Monthly Archives: March 2014

Precedence Constraints (Day 2 of 30)

Precedence constraints add tasks to execute them in a given order. Infect precedence constraints not only link tasks together but also define the workflow of SSIS package. A constraint controls the execution of the two tasks linked to gather in such a way that execution of task 2 depends on the status of task1 and also based on the expression (business rules) used to run it.

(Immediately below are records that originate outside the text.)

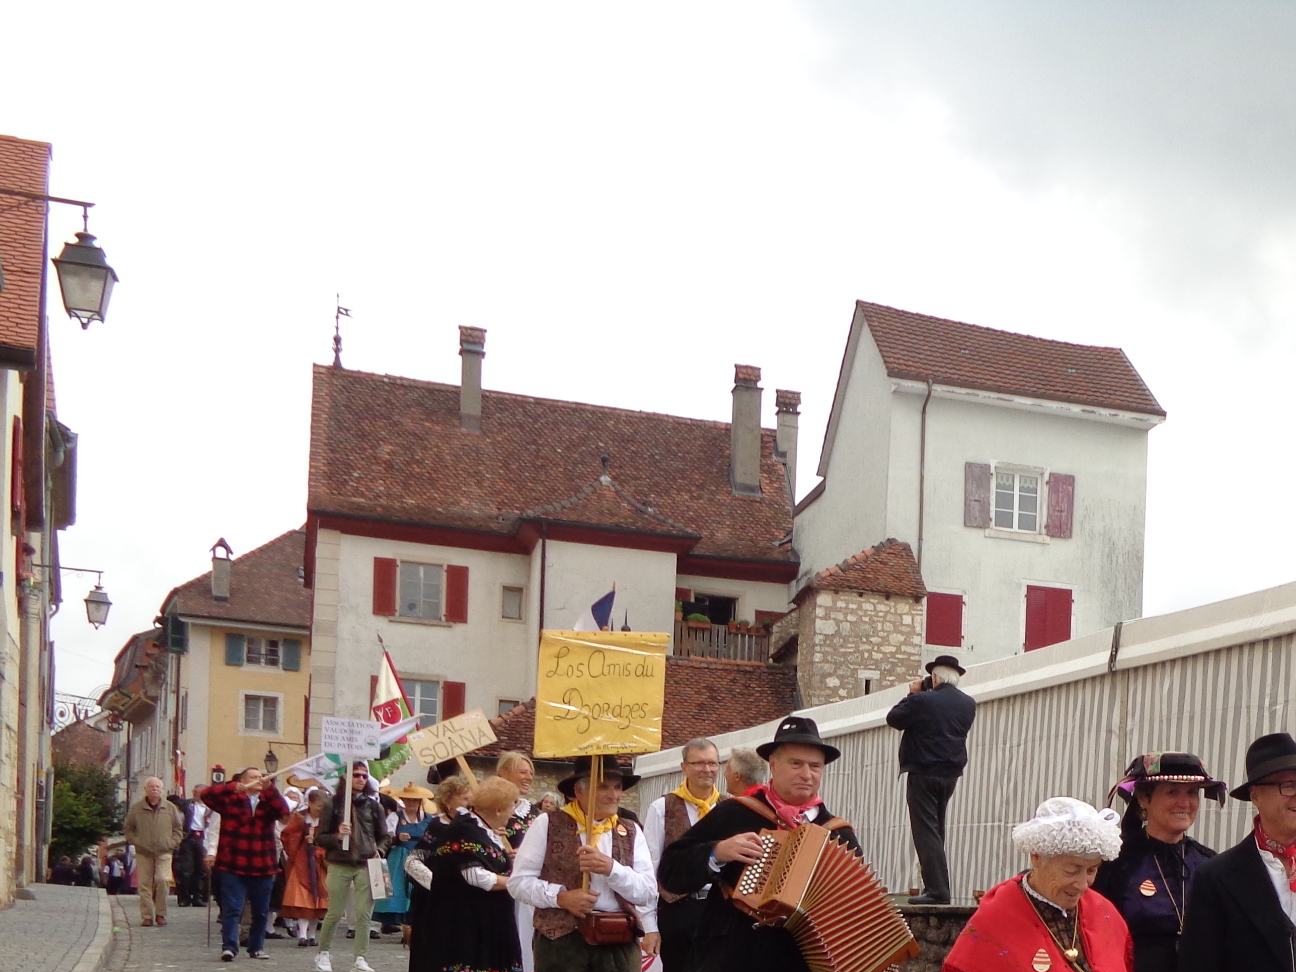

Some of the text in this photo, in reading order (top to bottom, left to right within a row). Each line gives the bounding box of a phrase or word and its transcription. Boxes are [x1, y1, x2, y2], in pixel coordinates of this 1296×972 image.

[587, 649, 631, 679] Amis
[634, 656, 656, 679] du
[325, 719, 375, 730] ASSOCIATION
[324, 726, 363, 735] VAUDOISE
[427, 721, 465, 739] VAL
[324, 733, 359, 743] DES AMIS
[337, 742, 364, 750] PATOIS

With precedence constraint and expressions, we can design the workflow of our SSIS package based on all business rules and given conditions.

To set up a precedence constraint between two tasks, we must set the constraint value. There are two ways to define the workflow:

Workflow defined by Success, Completion and Failure: Three constraint values are possible:
Success: Task will execute only, when the prior task completed successfully. This is the default option and is in green color.
Completion: Task will execute only, when the prior task completes (whether or not prior task succeeds or fails). This precedence constraint is in blue color.
Failure: Task will execute only, when the prior task fails. This precedence constraint is in red color.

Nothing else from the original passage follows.